A quick note on support. I feel like I have had the best support group ever through this process, which has also been essential. Devin has been amazing. How did I get so lucky to marry this man? I don't know many men who would put their lives on hold and agree to pursue his wife's dream of bringing a fairly severely disabled seven-year-old girl home from a foreign country. Not only did he support it, he embraced it. Flor has been every bit his as she is mine from the very beginning and he has opened his arms and his heart to her in a way I could have only dreamed would happen. I have relied on him A LOT (maybe an unfair amount?) and I am so grateful that he is patient, kind, and a great source of encouragement to me. (Insert lovey-dovey, mushy love note that I know you all want to read. Make up your own. I'll spare you.)

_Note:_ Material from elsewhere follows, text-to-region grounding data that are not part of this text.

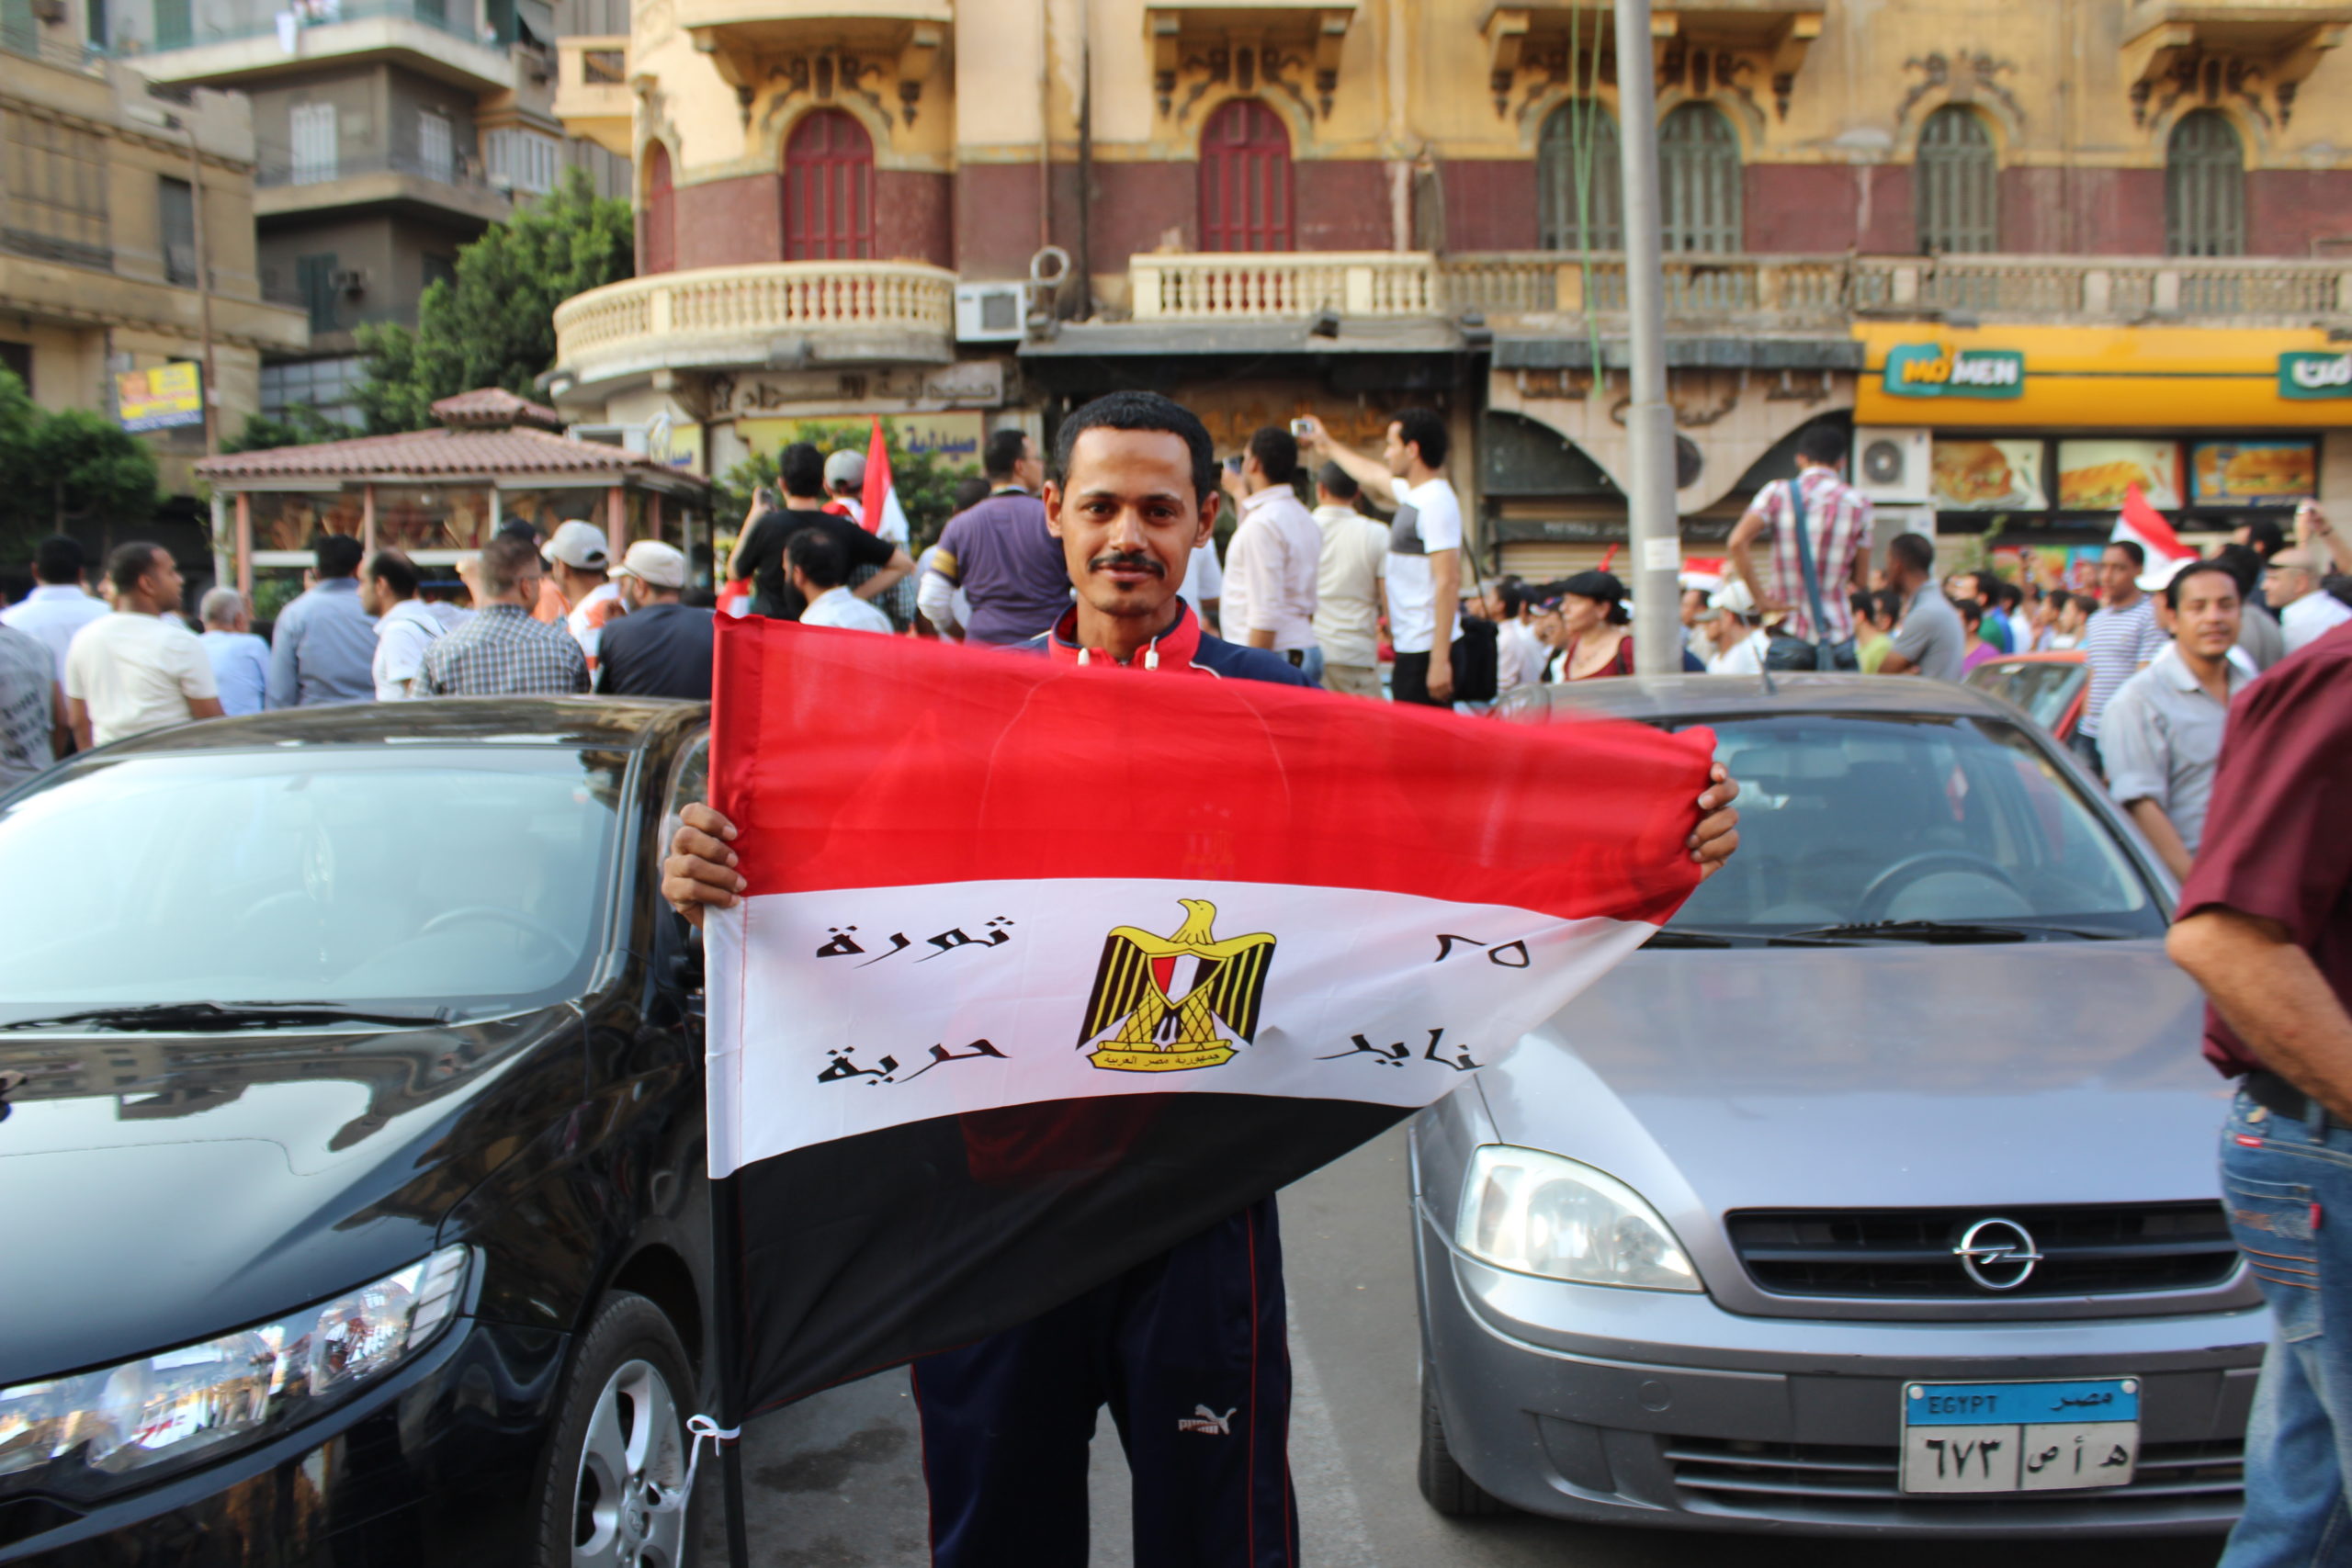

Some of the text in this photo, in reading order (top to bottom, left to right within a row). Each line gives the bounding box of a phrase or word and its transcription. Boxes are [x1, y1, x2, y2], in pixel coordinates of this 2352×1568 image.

[817, 916, 1014, 969] ثورة
[818, 1039, 1012, 1086] حرية
[1103, 1053, 1220, 1066] جمهورية مصر العربية
[1312, 1028, 1485, 1072] ناير
[1928, 1394, 1997, 1415] EGYPT
[2050, 1393, 2113, 1412] مصر
[1926, 1438, 2001, 1479] ٦٧٣

Along with his support, I count my blessings every day that I have met the wonderful friends I have specifically because we all pursued/are pursuing adoptions in Ecuador. I email, text, and facebook with these ladies frequently and their friendship and advice is invaluable to me. I know that I can be 100% myself and tell the story how it really is without fear of any judgement at all. Why? Because they are "there" too. While our challenges may manifest themselves differently (I am not having problems with my child refusing to speak English, even though he knows it, for example), they still just get it. That alone is amazing. But beyond that, we have a friendship where we can discuss every day things, too. We just click. I know that a huge blessing of this process is the gaining of friendships with all of these women, the few in particular who were in Ecuador with us, as well as a few others that I have never yet met, but who I feel extremely close to.

So. How about that. A huge smorgasbord of things reported on. Done and done.  Until next time...

5 comments:

Seth and Kylee said...

You guys are so amazing! I'm so happy for Flor!

LeMira said...

Yeah, welcome to Utah and it's lack of resources for special education. . .but our roads will look great in a few years. . . (sigh).

Anna said...

What a beautiful update. I told you that I felt the cloud start to lift and felt more human after 8 months home than I had since we started the adoption process. I smiled as I read about your emotions. Either on a verge of a crying hot mess or flashes of anger. I have never experienced anger for real before this experience. I still shake my head and wonder why, what was that all about. A few ideas are grief and PTSD. I know that upon meeting our daughter the emotions of missing out on so much of her life and seeing the huge delays up close and personal really was hard for me. We didn't have any other families in country and had so many crazy, emotional hard things happen I think you just keep going until you get home and it all starts coming back. I applaud you for keeping it real. That really is a key component I think. People commented on how our daughter changed and didn't look the same. I didn't notice it really but it's evident with Flor. Her facial features have really softened and there is a twinkle in her eyes. It's a beautiful thing isn't it?! Yesterday marked 2 yrs since we met Lil G. Doesn't seem possible. Blessings as you continue to walk this journey with your beautiful family.

Jen said...

I love all of the updates! I always seem to find out something new from your posts, even though I talk to you on the phone quite frequently. We love Flor and are so happy she is part of our family. You and Devin are amazing parents!

Jessica and Danny said...

Amazing! Loving and thinking of you!